He had swelling to his right eye and scratches from his forehead to his ear. He sustained
multiple cuts to various parts of his body and multiple stab wounds to his back. In
consequence of his experience the complainer has suffered flashbacks, nightmares, anxiety
attacks and panic attacks. He is scared and suicidal.
[11]       The complainer provided a description of the three men to the police but he was
unable to identify any of them.
[12]       In support of the complainer’s evidence as to a crime having been committed, there
was evidence from Selina King of seeing the men entering the house uninvited and hearing
one of them shouting give me the drugs. There was also the evidence of PC Jayne
Forman, the first police officer on the scene.
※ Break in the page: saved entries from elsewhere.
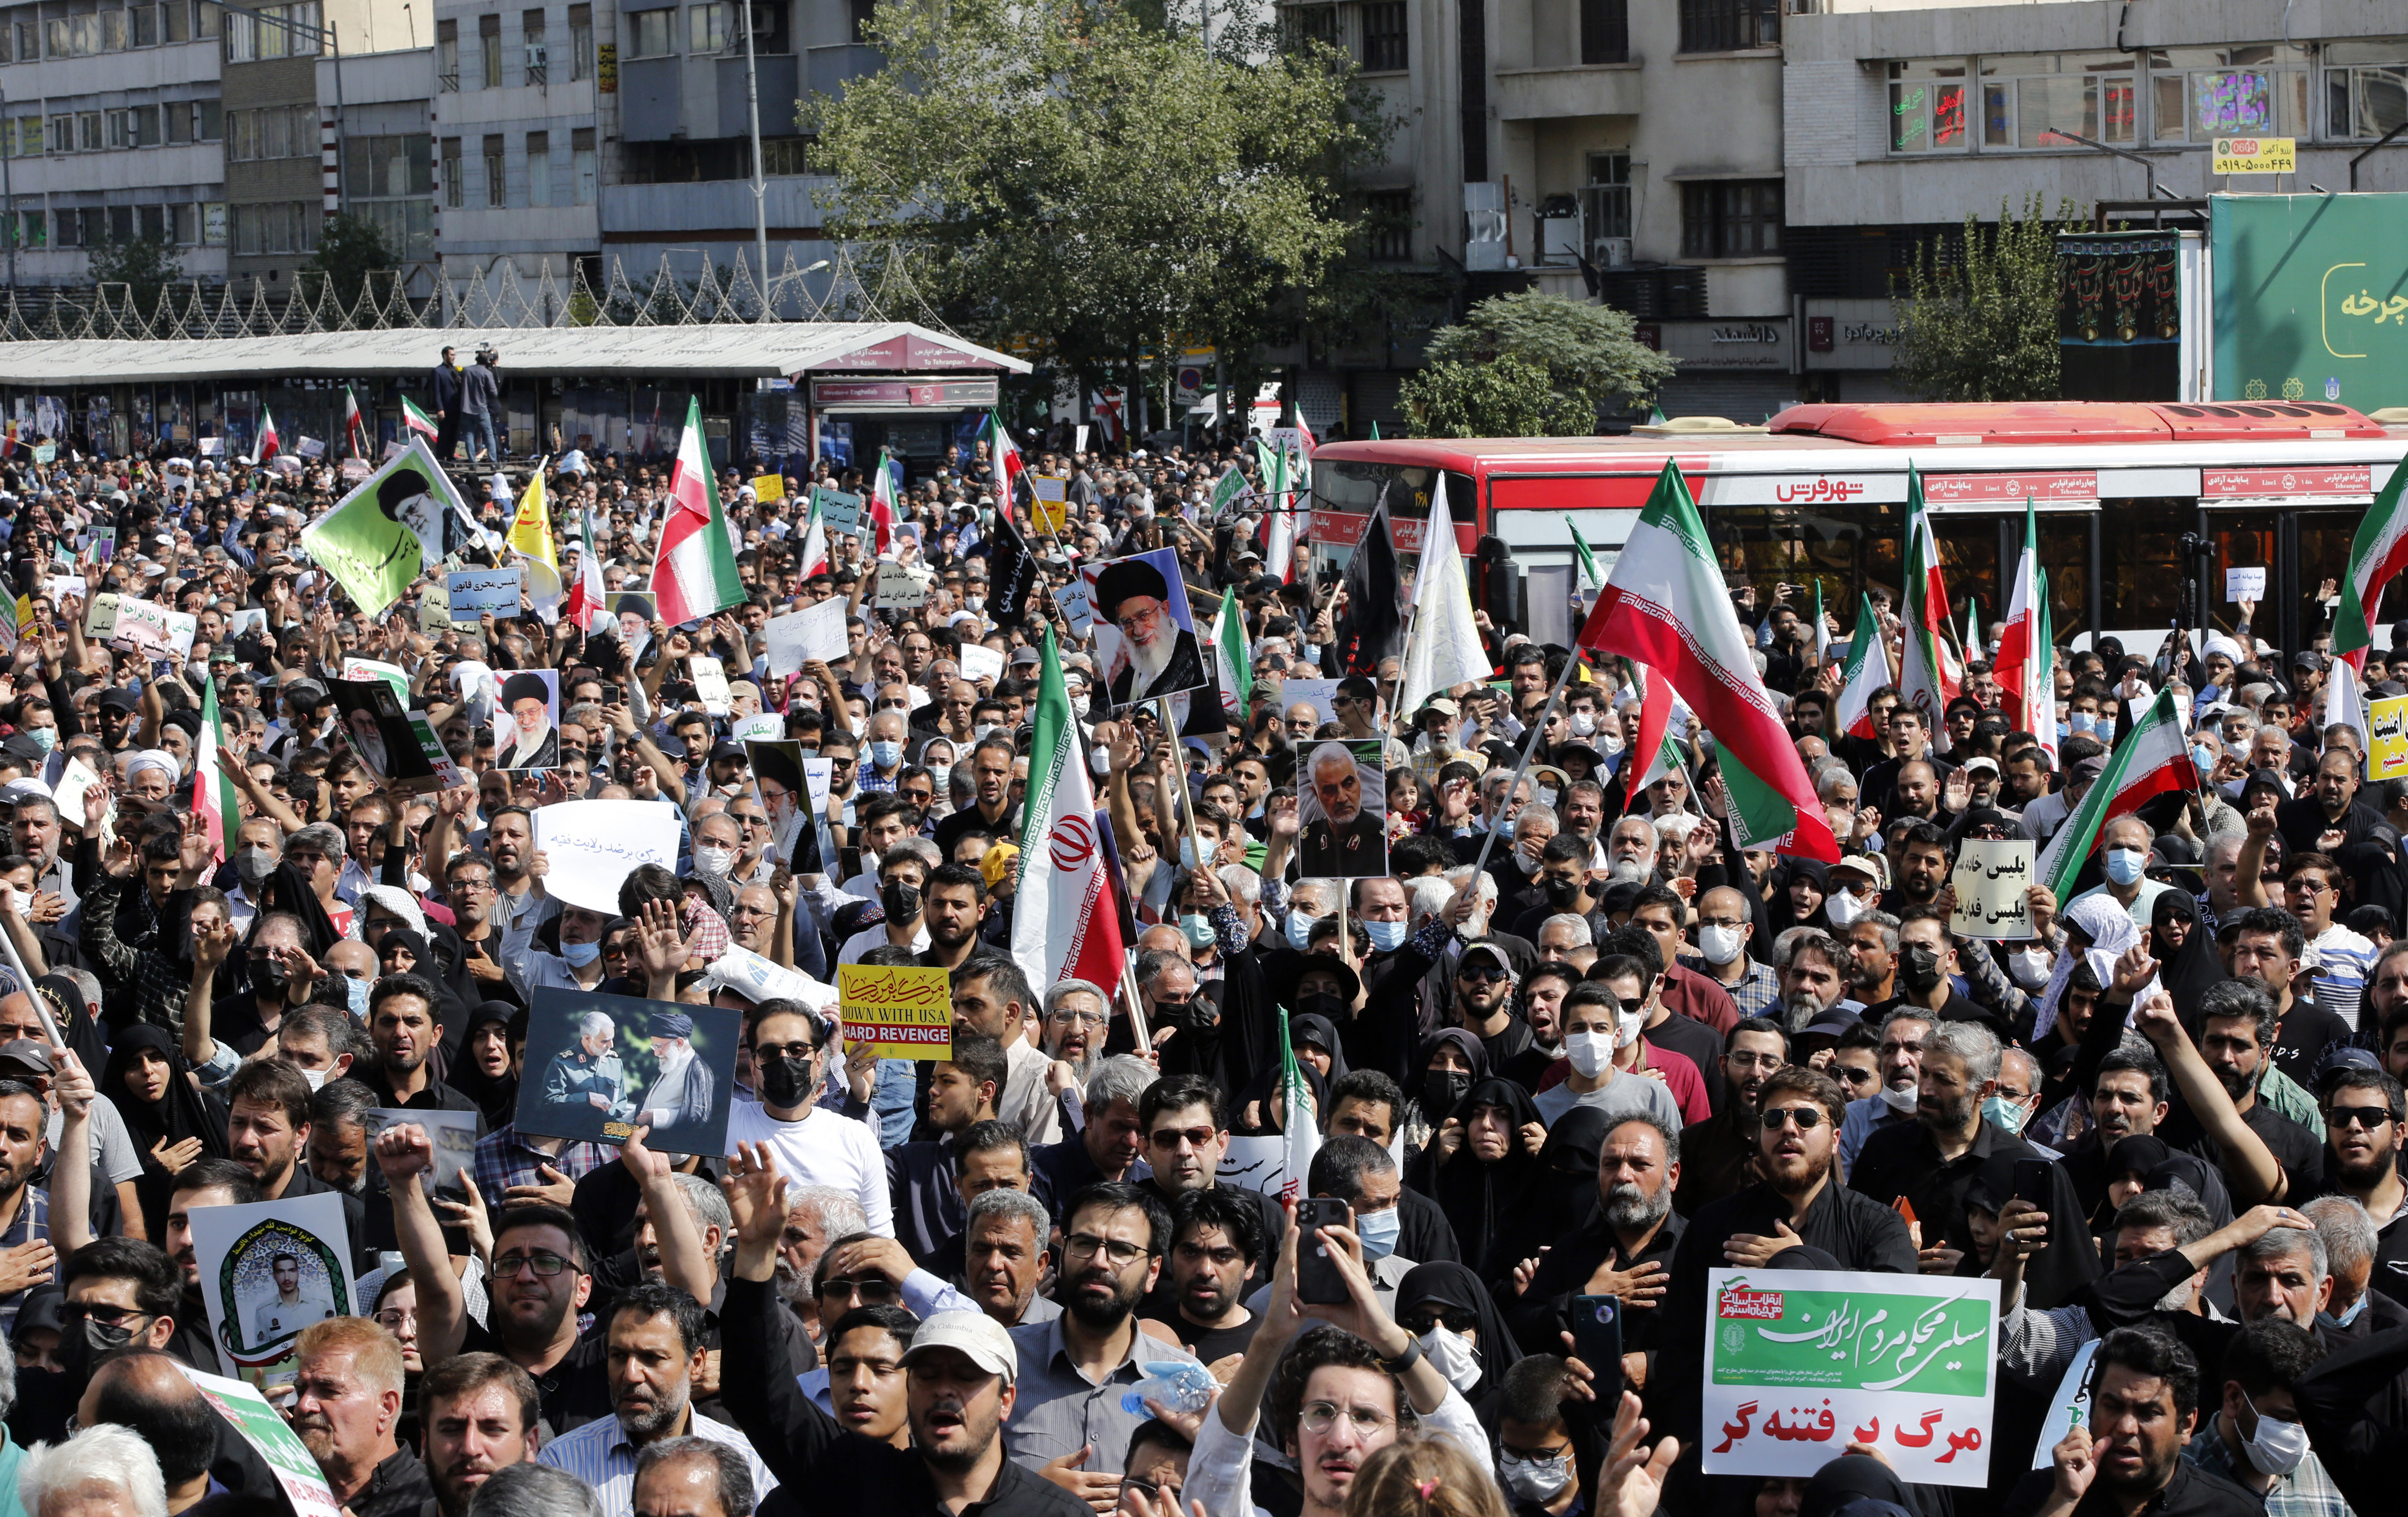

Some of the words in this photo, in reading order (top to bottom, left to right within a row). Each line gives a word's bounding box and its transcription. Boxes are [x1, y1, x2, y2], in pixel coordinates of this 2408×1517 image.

[1894, 88, 1924, 115] عربی
[2233, 143, 2256, 152] 0604
[2280, 146, 2291, 155] رزرو
[1711, 325, 1776, 343] دانشمند
[1929, 481, 1948, 491] آزادی
[2208, 475, 2227, 486] آزادی
[452, 579, 472, 592] قانون
[473, 581, 496, 592] مجری
[497, 577, 517, 589] پلیس
[476, 601, 496, 613] خادم
[496, 599, 516, 611] پلیس
[18, 620, 36, 634] REVENGE
[91, 621, 112, 633] تشکر
[427, 619, 449, 630] تشکر
[452, 624, 477, 635] تشکر
[736, 722, 775, 742] انتظامی
[2374, 705, 2403, 745] امنیت
[2383, 752, 2405, 772] هستیم
[807, 768, 824, 779] مهسا
[811, 790, 824, 799] اصل
[551, 833, 571, 848] فقیه
[573, 837, 602, 852] ولایت
[604, 841, 623, 854] ضد
[622, 849, 633, 859] بر
[1964, 854, 1982, 877] خادم
[1986, 855, 2025, 880] پلیس
[1986, 899, 2025, 925] پلیس
[842, 1006, 873, 1021] DOWN
[878, 1008, 913, 1022] WITH
[920, 1010, 946, 1023] USA
[843, 1025, 876, 1040] HARD
[880, 1027, 949, 1042] REVENGE
[276, 1225, 298, 1235] قوامین
[1750, 1293, 1782, 1306] انقلاب
[1720, 1303, 1751, 1316] استوار
[1750, 1303, 1782, 1319] همچنان
[1757, 1298, 1860, 1362] ایران
[1896, 1289, 1969, 1375] محکم
[1855, 1309, 1907, 1368] مردم
[1861, 1320, 1986, 1391] سیلی
[1712, 1400, 1759, 1453] گر
[1762, 1398, 1836, 1442] فتنه
[1894, 1408, 1982, 1463] مرگ
She confirmed the obvious injuries to the
complainer (the nature and extent of which were agreed by joint minute). She confirmed the
damage to the house. There was evidence of the complainer’s blood on a number of
surfaces.
[13]       Selina King’s evidence also had a bearing on the number and involvement of the
attackers. The trial judge reports her evidence as her speaking to having “fled the locus on
seeing the men entering his house uninvited and hearing one of them shouting ‘give me the
drugs’”. The advocate depute when addressing the jury summarised Selina King’s evidence
as including an “indication that there were a number of men burst in through the door
together, possibly four or even five.”
[14]       At the end of the incident, Selena King looked out of her kitchen window. She heard
a car revving, and saw it taking off. The colour of the car was “grey, blue, greenish”.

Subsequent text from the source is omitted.